Global investment manager Blackstone has agreed terms to acquire clinical trials provider Nucleus Network from Australian private equity firm Crescent Capital.

Nucleus Network runs clinical trials in Melbourne, Brisbane and the US.  Bloomberg.

Blackstone head of private equity for Australia, James Carnegie, said the investment would sit as part of the firm’s private equity portfolio.

Nucleus Network is Australia’s largest provider of phase-one clinical trials, with facilities in Melbourne, Brisbane and Minneapolis.

Crescent is exiting Nucleus after three years. It bought into the business in 2018, and began shopping it around in July this year. It recruited Morgan Stanley for the sale and was expecting a $600 million payday, Street Talk previously reported.

Nucleus Network was understood to have been pitched as a $40 million a year business, in terms of forecast EBITDA. Crescent’s asking price was understood to be in the 15 to 20 times EBITDA range.

Nucleus Network

The 15-year-old Nucleus Network has worked on over 800 phase one clinical trials for the commercialisation of new medicines and therapies. And Blackstone expects this to grow, as phase one trial volumes in Australia are driven up by the increasing demand from offshore biotechs for speedy and reliable trials.

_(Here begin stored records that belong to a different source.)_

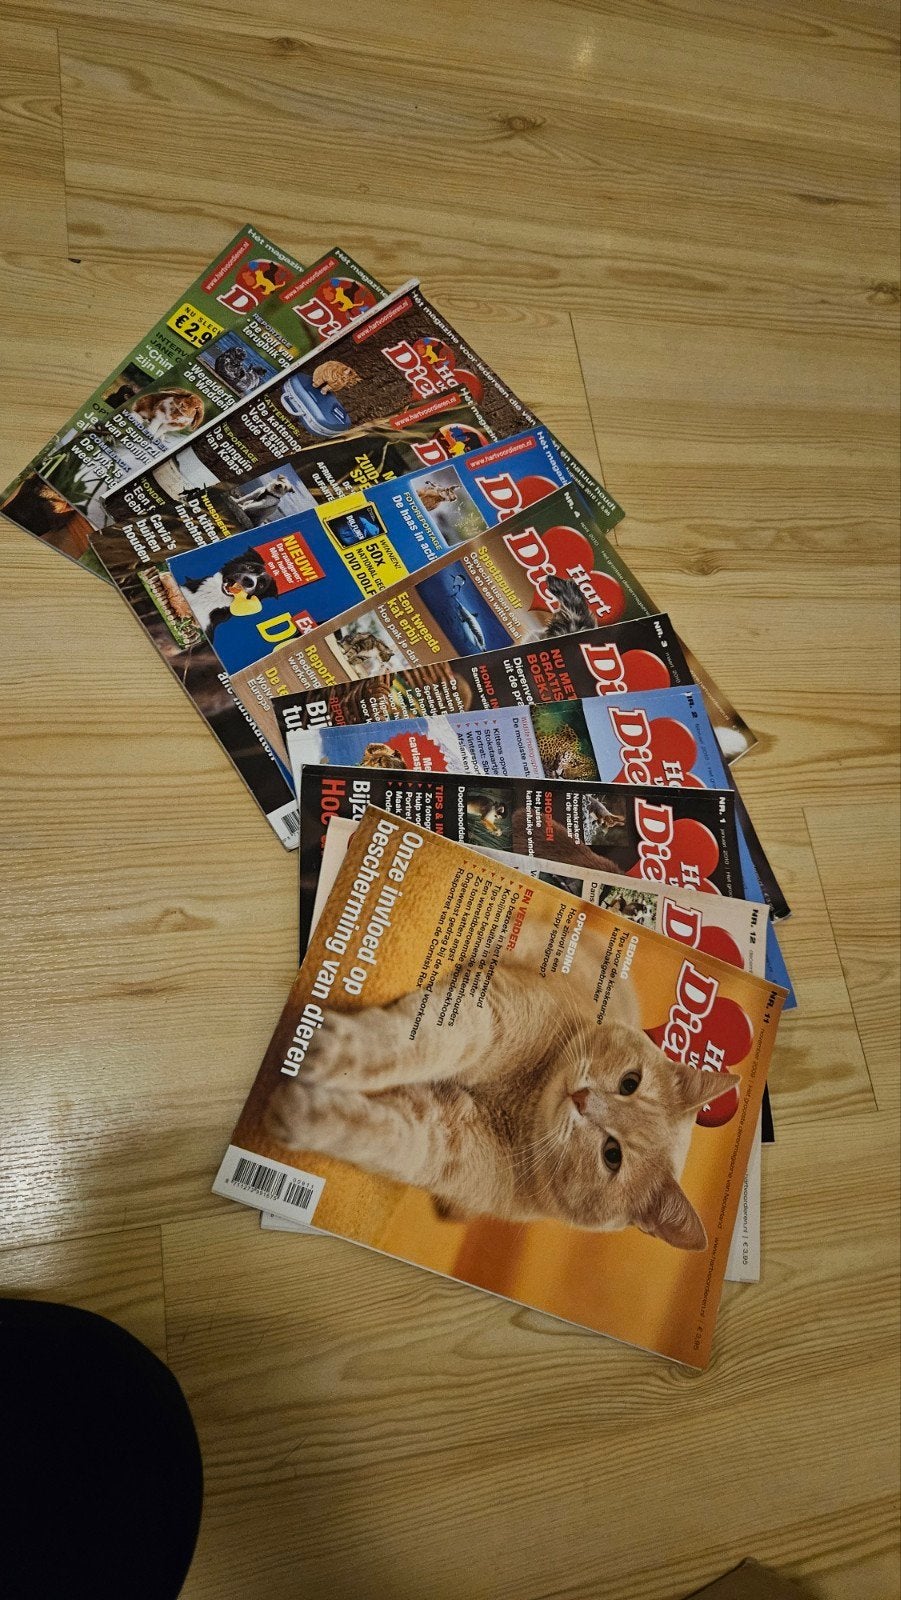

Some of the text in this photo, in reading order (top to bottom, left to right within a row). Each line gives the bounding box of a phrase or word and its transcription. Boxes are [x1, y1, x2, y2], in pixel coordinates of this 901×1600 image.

[184, 306, 196, 318] NU
[150, 339, 175, 358] JANE
[242, 326, 292, 370] terugblik op
[249, 321, 294, 362] De Golf van
[135, 354, 155, 372] zijn
[423, 306, 537, 426] magazine voor iedereen die van
[183, 370, 230, 411] de Wadden
[256, 400, 268, 417] De
[460, 387, 474, 406] Hét
[104, 421, 122, 438] van
[112, 413, 127, 428] De
[213, 426, 225, 440] De
[241, 414, 262, 436] oude
[248, 406, 291, 454] Verzorging
[71, 445, 95, 468] weer
[80, 437, 122, 478] De is
[204, 430, 244, 476] van Kaaps
[537, 431, 549, 450] Hét
[133, 486, 152, 506] Een
[563, 490, 581, 519] NR. 4
[570, 461, 617, 512] natuur houdt
[188, 498, 202, 514] De
[392, 494, 424, 542] De haas in
[403, 491, 443, 551] FOTOREPORTAGE
[122, 523, 151, 563] houden
[136, 518, 161, 552] buiten
[150, 513, 177, 550] Cavia's
[281, 534, 319, 582] NIEUW!
[344, 551, 362, 571] DVD
[356, 547, 378, 578] NATIONAL
[365, 543, 386, 567] 50x
[380, 540, 403, 571] WINNEN!
[470, 551, 522, 628] Gevecht tussen een
[478, 545, 523, 609] Spectaculair
[565, 563, 612, 618] Hart
[463, 556, 522, 639] orka en een witte haai
[377, 602, 409, 650] Hoe pak je
[387, 597, 423, 646] kat erbij
[397, 591, 441, 654] Een tweede
[653, 621, 664, 638] NR.
[265, 666, 280, 686] De
[287, 656, 312, 690] werken
[502, 658, 518, 688] uit de
[539, 651, 564, 702] GRATIS
[550, 649, 566, 669] NU
[247, 678, 271, 712] Europa
[414, 686, 422, 697] de
[431, 682, 445, 709] Animal
[440, 680, 454, 712] minuten
[449, 679, 457, 690] De
[470, 666, 484, 694] Samen
[479, 665, 496, 696] HOND
[456, 731, 471, 771] Afslanken
[475, 729, 487, 759] Portret:
[483, 728, 500, 775] Stokstaartje
[492, 727, 504, 754] Kittens
[512, 717, 527, 760] De mooiste
[395, 790, 404, 814] Maak
[405, 791, 414, 821] Portret
[415, 792, 423, 812] Hulp
[424, 792, 433, 804] Zo
[435, 785, 445, 820] TIPS &
[525, 789, 534, 836] kattenluikje
[533, 790, 543, 828] Het juiste
[544, 791, 555, 842] SHOPPEN
[565, 792, 573, 839] in de natuur
[718, 796, 726, 815] NR.
[571, 792, 581, 846] Notenkrakers
[342, 830, 425, 996] Onze invloed op
[415, 866, 464, 989] Rasportret van de Cornish Rex
[446, 875, 482, 962] Zo tonen katten angst
[505, 888, 534, 952] EN VERDER:
[750, 908, 760, 928] NR.
[280, 818, 400, 1078] bescherming van dieren
[409, 871, 473, 1041] Ongewenst gedrag bij de hond voorkomen
[434, 879, 492, 1027] Een wereldberoemde grondeekhoorn
[447, 883, 501, 1028] Tips voor beginnende rattenhouders
[468, 887, 511, 998] Konijnen buiten in de winter
[475, 891, 520, 1008] Op bezoek in het Kattenwoud
[537, 903, 567, 978] puppy speelgroep?
[550, 907, 577, 973] Hoe zinvol is een
[560, 911, 587, 974] OPVOEDING
[749, 931, 758, 945] 12
[592, 927, 620, 1003] kattenbakgebruiker
[619, 934, 639, 980] GEDRAG
[595, 931, 629, 1025] Tips voor de kieskeurige
[762, 1012, 772, 1025] 11
[765, 990, 779, 1010] NR.

For Blackstone, Nucleus is just one in the many life sciences business it has bought in the recent years. In July 2020, Blackstone raised the largest private life sciences fund to date, clocking in more than $7 billion in assets under management.

It also invests in the life sciences theme via its private equity, real estate and credit strategies. Earlier this year, Blackstone completed the corporate carve out of Alinamin Pharmaceutical in Japan, in the largest private equity deal in the country since 2017.